I agree too that this court may review any question it elects to consider in the decision of a case but that a party does not raise an issue by presentation in a response to a petition for further review. It may, however, be useful to point out that the Minnesota Rules of Civil Appellate Procedure do not provide for the filing of a notice of review or its equivalent in response to a petition for further review. A petition for further review is the only vehicle available for requesting review of any particular issue. As a practical matter, even though a party is not aggrieved by a decision of the court of appeals, it may be necessary to file what is commonly known as a "therapeutic" petition for further review; that is, a petition to be considered by this court only in the event the adversary petitions for further review.

NOTES

[1] We do not address the four issues raised by Keate which were not properly presented in a timely petition for review, as required by Rule 117 of the Minnesota Rules of Civil Appellate Procedure (1988). As indicated by Rule 117, review of any decision of the court of appeals is discretionary with the Supreme Court. In exercising this discretion, we may review all issues we see as necessary to decide the case, however presented, but need not review issues belatedly presented by a party. This court will not review issues improperly presented by a respondent in an untimely response to a petition for review, which issues are not necessary to the disposition of this case.
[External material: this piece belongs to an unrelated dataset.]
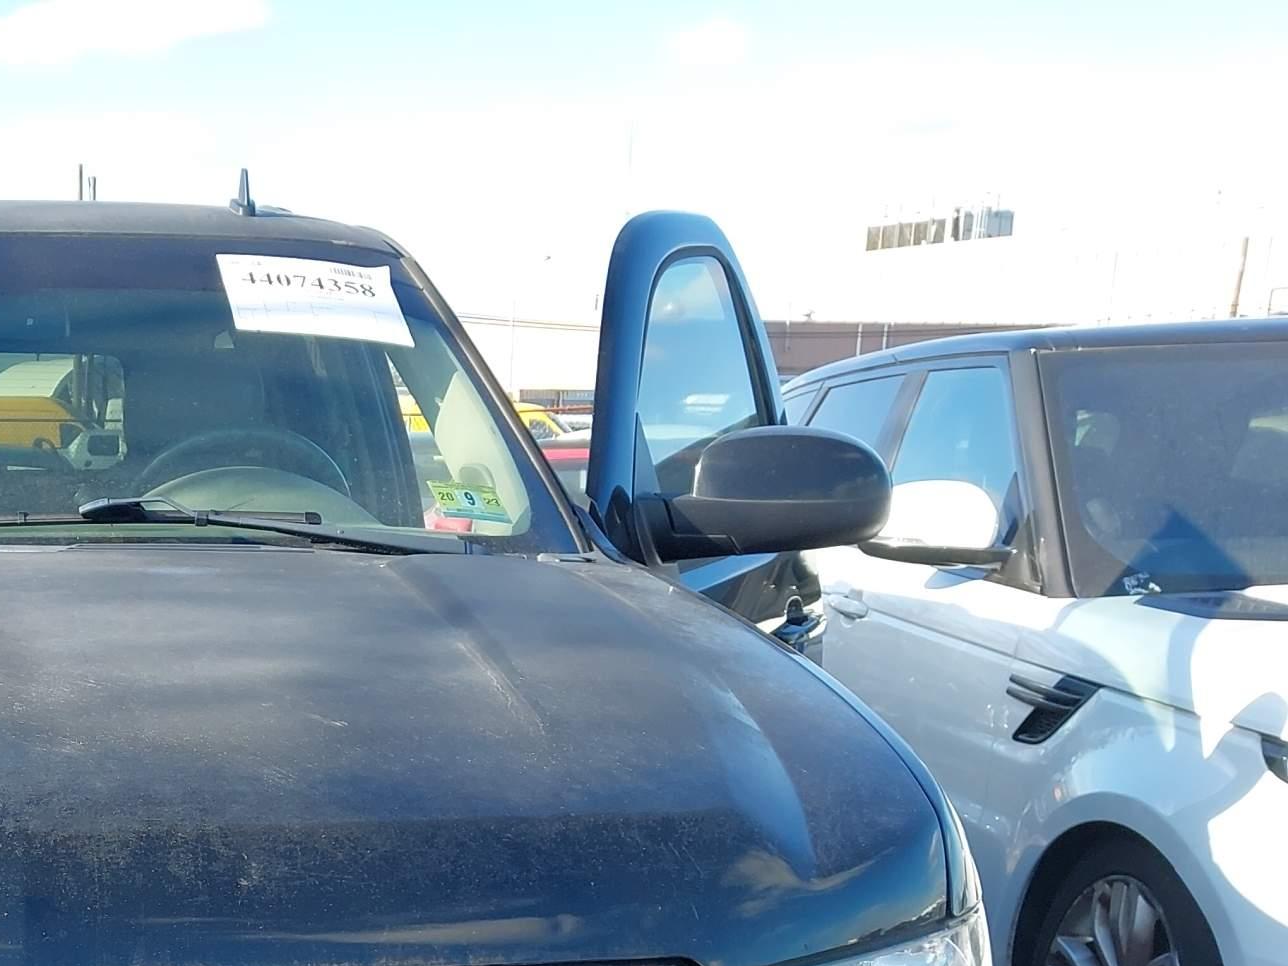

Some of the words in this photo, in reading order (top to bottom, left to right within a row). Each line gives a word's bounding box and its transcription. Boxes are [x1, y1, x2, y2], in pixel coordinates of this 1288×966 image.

[241, 271, 377, 298] 44074358
[438, 491, 455, 502] 20
[463, 491, 476, 506] 9
[2] Respondent Keate argues that upon payment of the amount owing at the commencement of foreclosure proceedings, the statute requires "further proceedings in such foreclosure shall be thereupon abandoned," meaning that no action may be taken to obtain the amounts which came due during the pendency of foreclosure proceedings. We address this argument in full, infra, and only say here that this interpretation of the statute strikes us as being far-fetched.

[3] This interpretation is consistent with the language of the statute. The amount due to be paid to reinstate the mortgage is that which is "actually due," which we have said is the amount owing at the time of reinstatement tender. The default to be corrected, however, is only the one which existed "at the time of the commencement of proceeding," and not any subsequently occurring default. Thus, for example, a lender may commence foreclosure proceedings because principal and interest payments were not paid. After the commencement of proceedings, if the mortgagor then failed to keep the premises in good repair, or committed waste upon the property, those failures to maintain the conditions of the mortgage could not be included in the action already commenced. Only those conditions which were in default at the commencement of the proceeding may be charged against the mortgagor upon reinstatement. Such failure of other conditions which occurred during the pendency of the proceedings could be the basis for another foreclosure action. This allows the mortgagor time to correct additional defaults, while not allowing such defaults to go permanently uncorrected.